In 1972, the U.S. Department of Education established Title IX to address concerns related to sexually-based discrimination in all academic institutions. Ongoing direction for proper compliance and institutional enforcement is the responsibility of the Office for Civil Rights (OCR). All U.S. schools are required to comply with the current guidelines, such as preventing acts of discrimination that often arise in the admissions process, scholarship eligibility, athletic participation, employment, and more. Schools that do not comply may risk losing eligibility for federal education funds.
Title IX violations may occur in many different ways. Acts of sexually-based harassment are now defined as behavior that a reasonable person would consider “severe, pervasive, and objectively offensive” to a level that it hinders the ability to obtain an education. Examples may involve inappropriate requests for sexual favors or other unwelcome advances. Acts of sexual violence are particularly severe violations that may have criminal implications and involve victims who have not provided consent to participate, such as rape or coercion.
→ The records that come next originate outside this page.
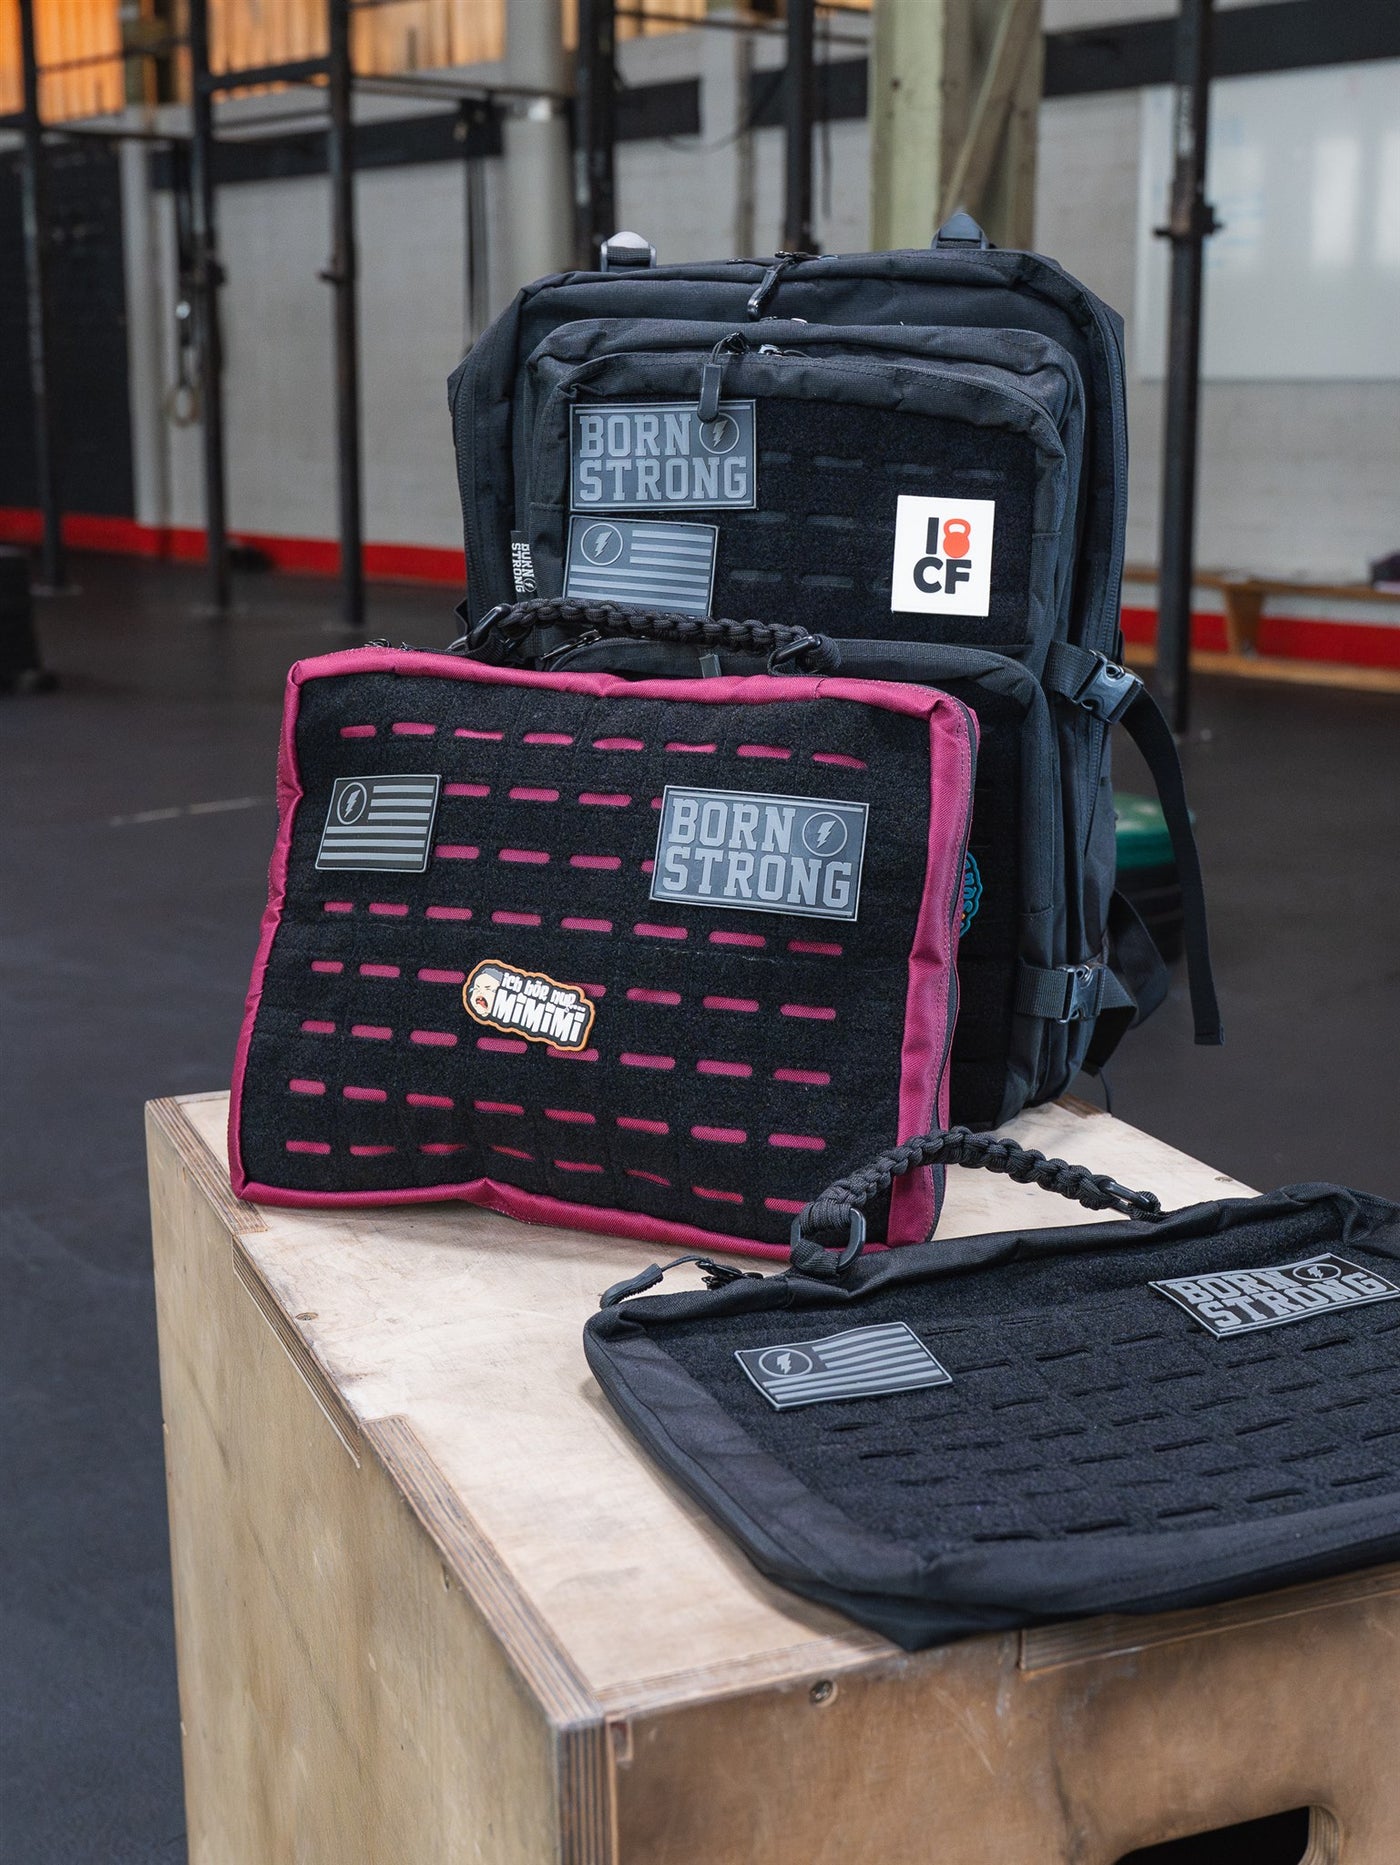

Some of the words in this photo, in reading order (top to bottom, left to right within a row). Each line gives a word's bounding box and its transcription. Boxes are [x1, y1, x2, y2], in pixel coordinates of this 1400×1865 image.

[579, 413, 692, 457] BORN
[579, 456, 747, 501] STRONG
[926, 517, 939, 555] I
[511, 542, 525, 593] STRONG
[913, 556, 972, 595] CF
[668, 797, 796, 853] BORN
[662, 845, 852, 909] STRONG
[1166, 1271, 1302, 1304] BORN
[1197, 1272, 1387, 1328] STRONG
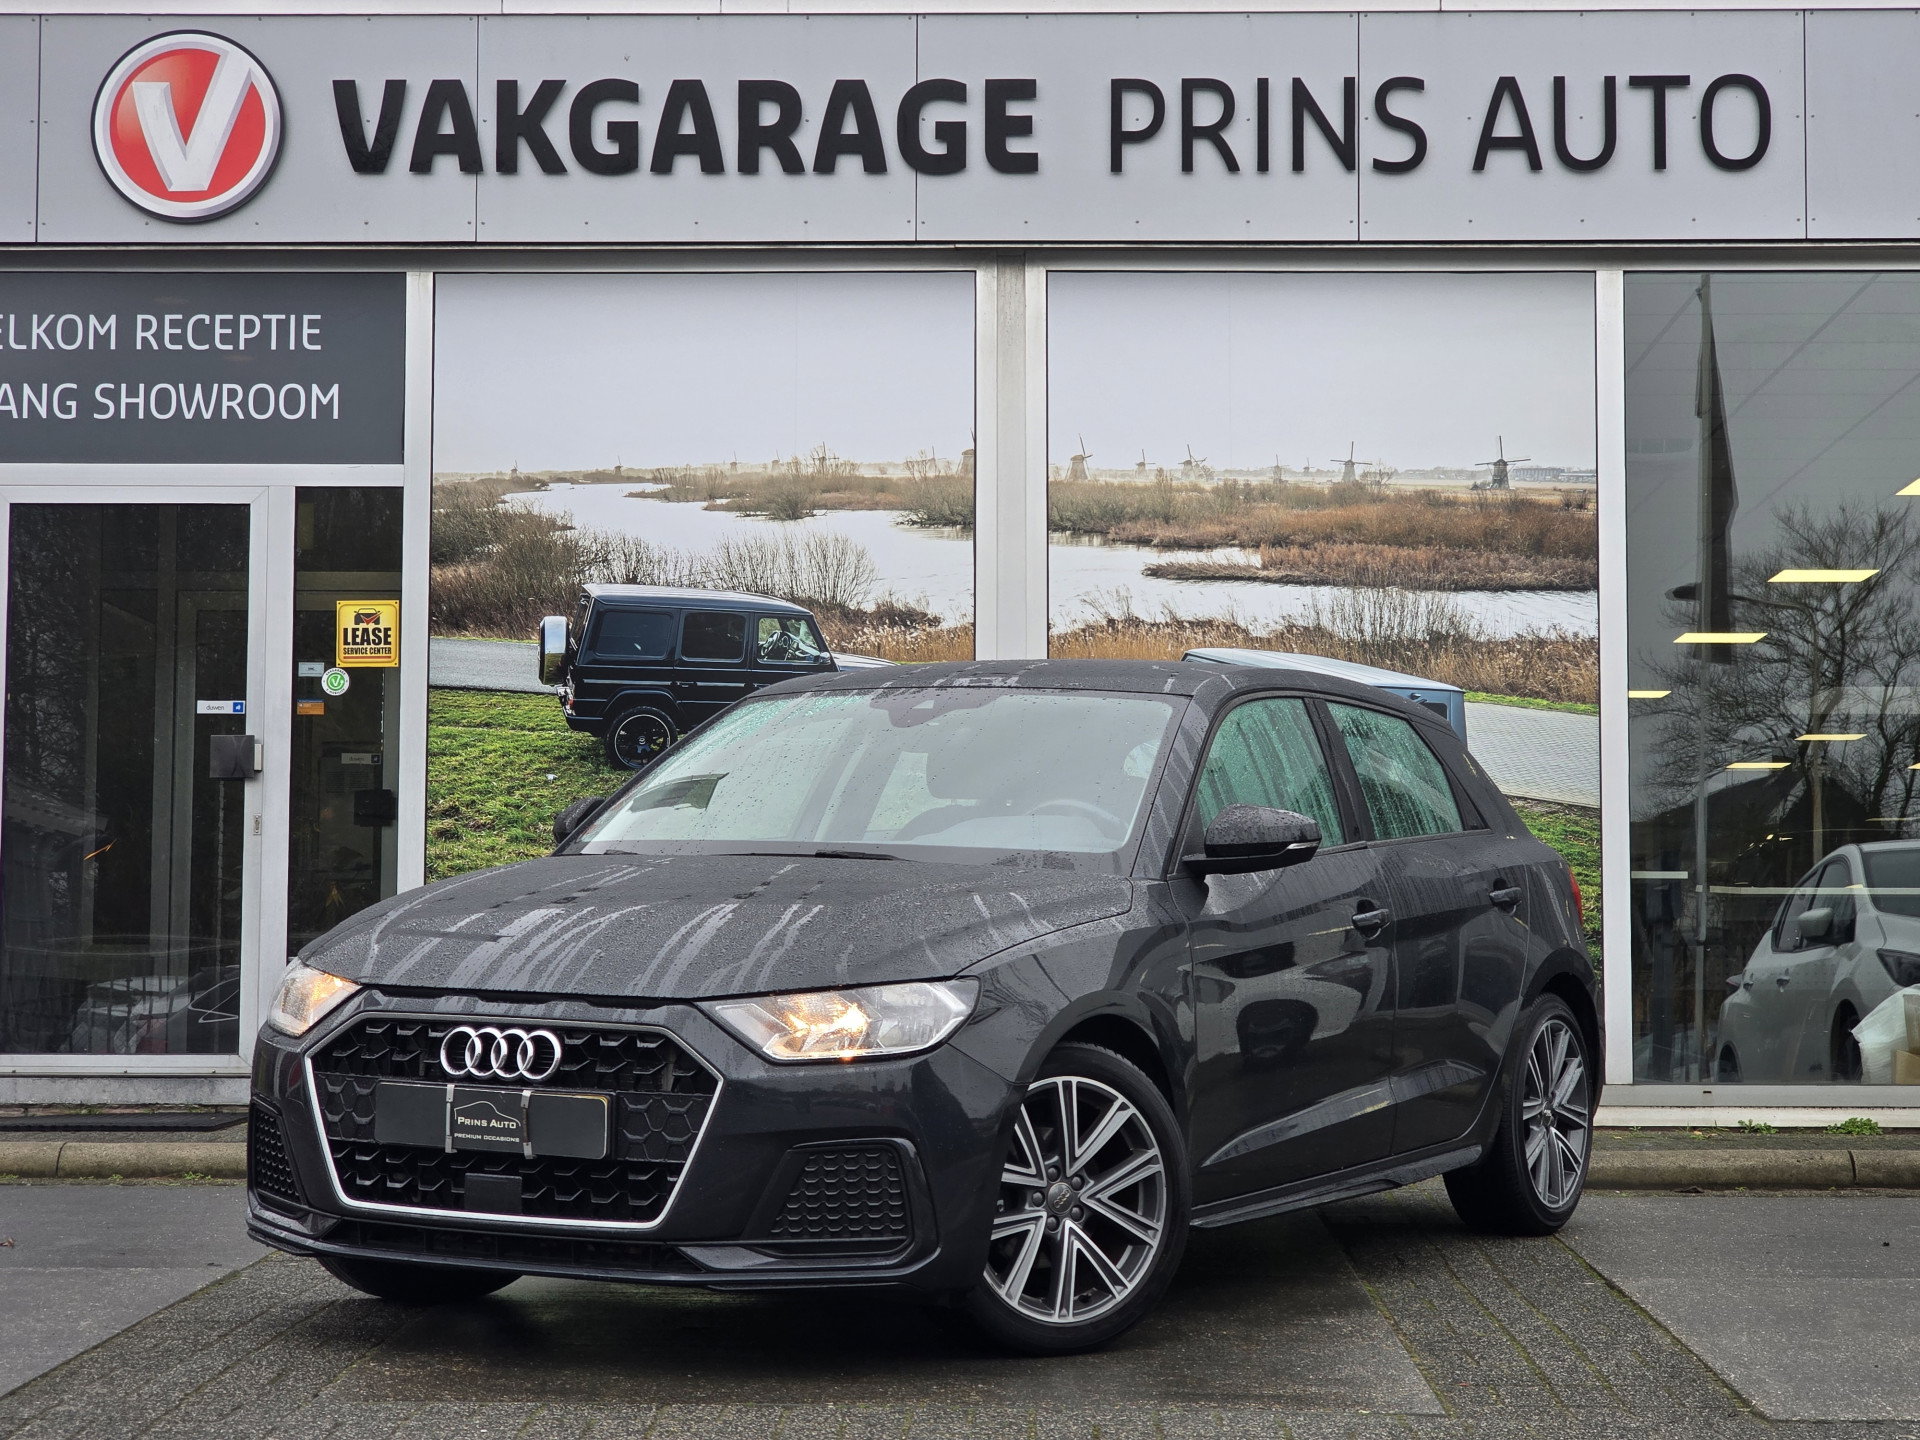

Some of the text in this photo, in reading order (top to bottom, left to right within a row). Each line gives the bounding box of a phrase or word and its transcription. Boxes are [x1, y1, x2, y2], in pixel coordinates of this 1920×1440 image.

Acts of gender-oriented harassment may involve promoting false stereotypes that create a hostile environment. In many cases, the victims are those whose sexual identity differs from societal norms. Acts considered as forms of sexual harassment may also include stalking and behavior such as dating violence or domestic violence.
Each school designates a Title IX Coordinator, who is responsible for compliance and has some flexibility in developing processes and procedures that are suitable for their school. One primary concern has been that all parties be treated fairly and that any conflicts of interest are prevented. All parties are permitted to choose an adviser that provides support, assistance, and accompaniment throughout the proceedings, which is a role that is best-suited for a seasoned Title IX lawyer.
Understanding Interim Measures
Schools that receive a complaint, such as allegations of sexual assault or harassment, may potentially implement interim measures for parties including the accuser (complainant) and the accused (respondent). These measures can be described as services determined to be proper or suitable during the period where the investigation is underway or pending. The Title IX Coordinator is responsible for making assessments regarding whether to potentially implement measures or may act in response to the concerns of a party. Federal guidance has suggested that this process should not be exclusively based on “fixed rules or operating assumptions” that could limit the potential options necessary to respond to each unique situation and circumstances.
As with the majority of Title IX rules, interim measures should be made available to all parties and should not favor any particular party. During the Title IX investigation and disciplinary proceedings, the Title IX Coordinator should take action that will not “deprive any student of his or her education.” In addition to customizing or individualizing these measures, they may need to be revised or modified over time in response to the situation and based on emerging safety concerns.
Interim Measures Compared to Supportive Measures
The White House Task Force to Protect Students from Sexual Assault compiled a lengthy report that offered guidance in this area. The report made a distinction between interim measures and what they consider “supportive” measures. Supportive measures apply in situations where a complaint is made or otherwise reported beyond the scope of Title IX. For example, an alleged victim that seeks counseling support, rather than directly requesting a change in housing due to harassment from the university administration.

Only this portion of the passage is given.